The Emergency Arbitrator (EA) dismissed all five Grounds of Appeal and denied him a single remedy.

Speaking about the business, Mr. Nakrani said that the fintech company, whose foundation was laid in a small hostel room at IIT Delhi, has seen exponential growth.

“We have an annualized TPV run rate of $16 billion (£1.2 billion). Our dealer lending vertical is growing well; we have seen phenomenal growth and initial success at Postpe and are on the verge of surpassing £1,000m in payouts 5 months after launch; Payback delivers great numbers and has a lot in store.

“Our company’s revenue for the current financial year is expected to be four times higher than last (our revenue has already exceeded £700m a year),” he said.

He explained that BharatPe was the first fintech in India to be given the opportunity to build a bank and said that the next chapters of success would be based on the pillars of trust, integrity, transparency and teamwork.

“I am personally committed and look forward to leading this next phase of growth with you all. We continue our vision of being the one stop shop for the financial needs of merchants and consumers in India,” he said.

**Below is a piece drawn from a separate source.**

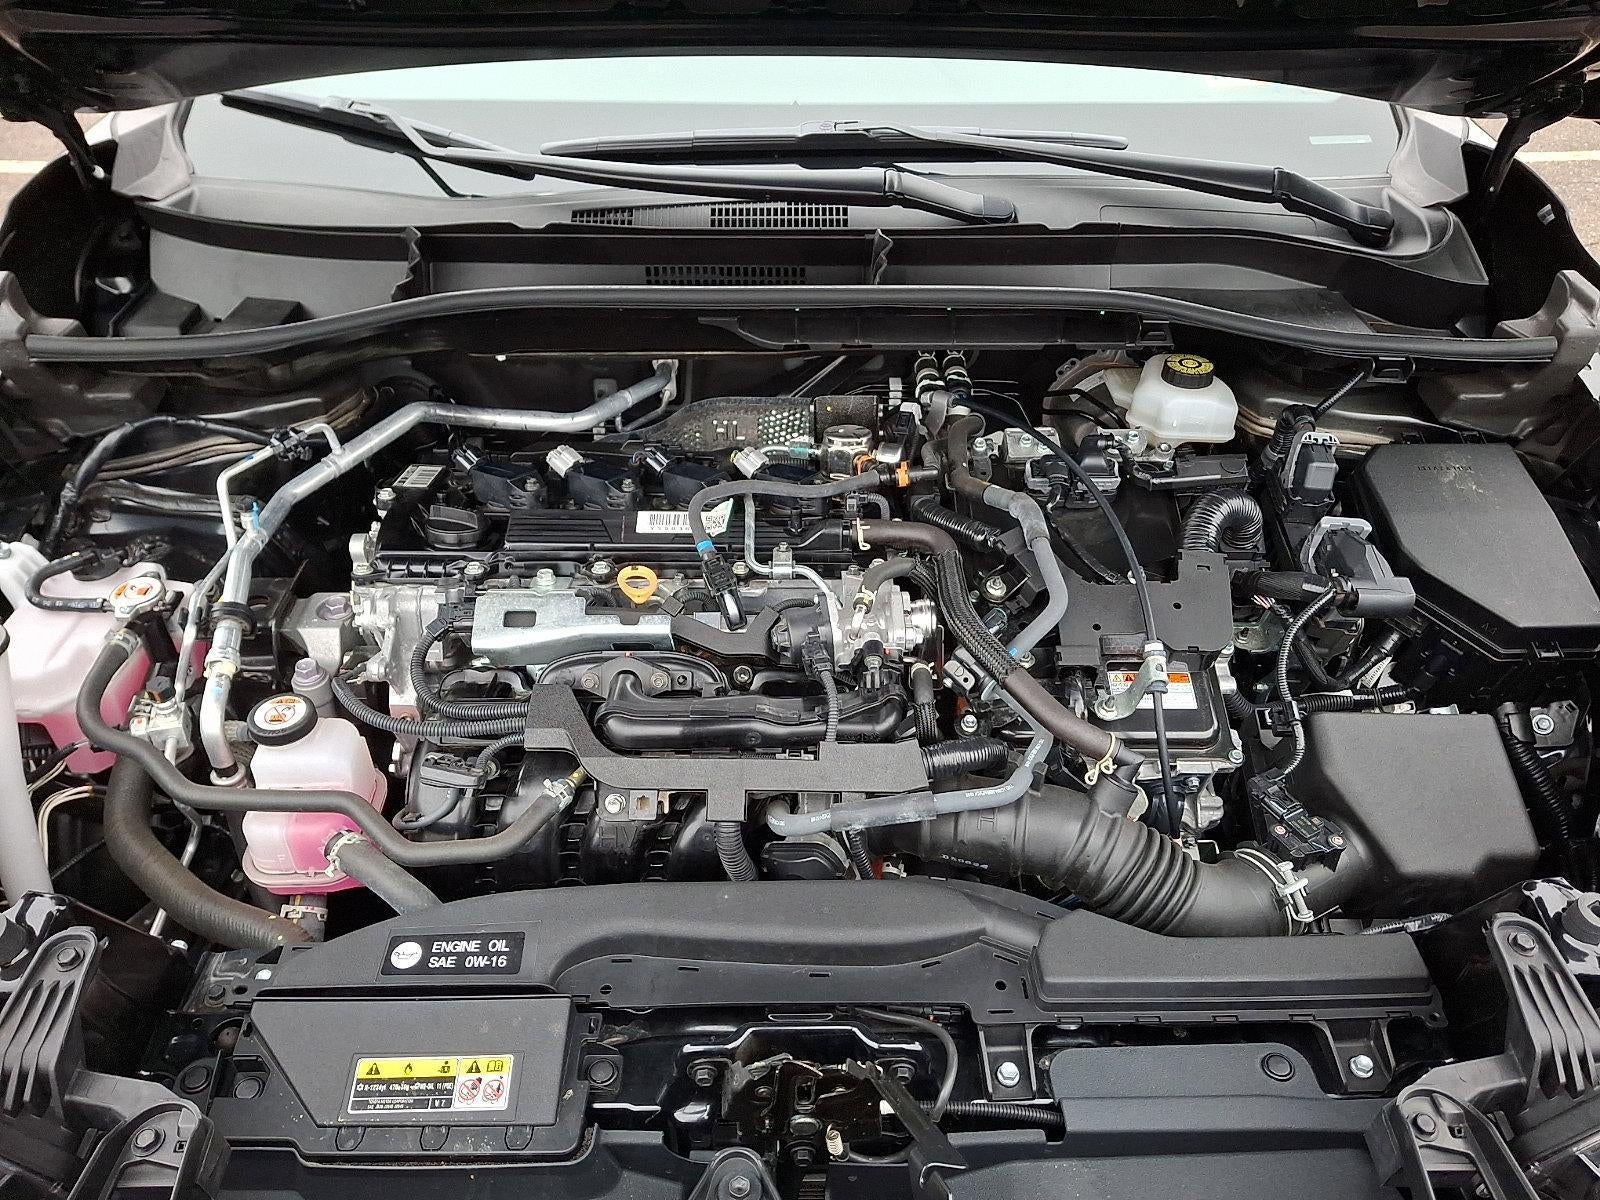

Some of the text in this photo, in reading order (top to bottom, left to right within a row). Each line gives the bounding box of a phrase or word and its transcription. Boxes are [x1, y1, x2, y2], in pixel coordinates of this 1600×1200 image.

Going forward, BharatPe will invest much more energy to bring millions of small traders and new borrowers into the formal economy’s purview by helping them access low-cost loans and other financial services.

“Also, we will continue to focus our energies on building India’s first truly digital bank!” he added. “We have experienced a crisis, but we will turn it into an opportunity, we are resilient!”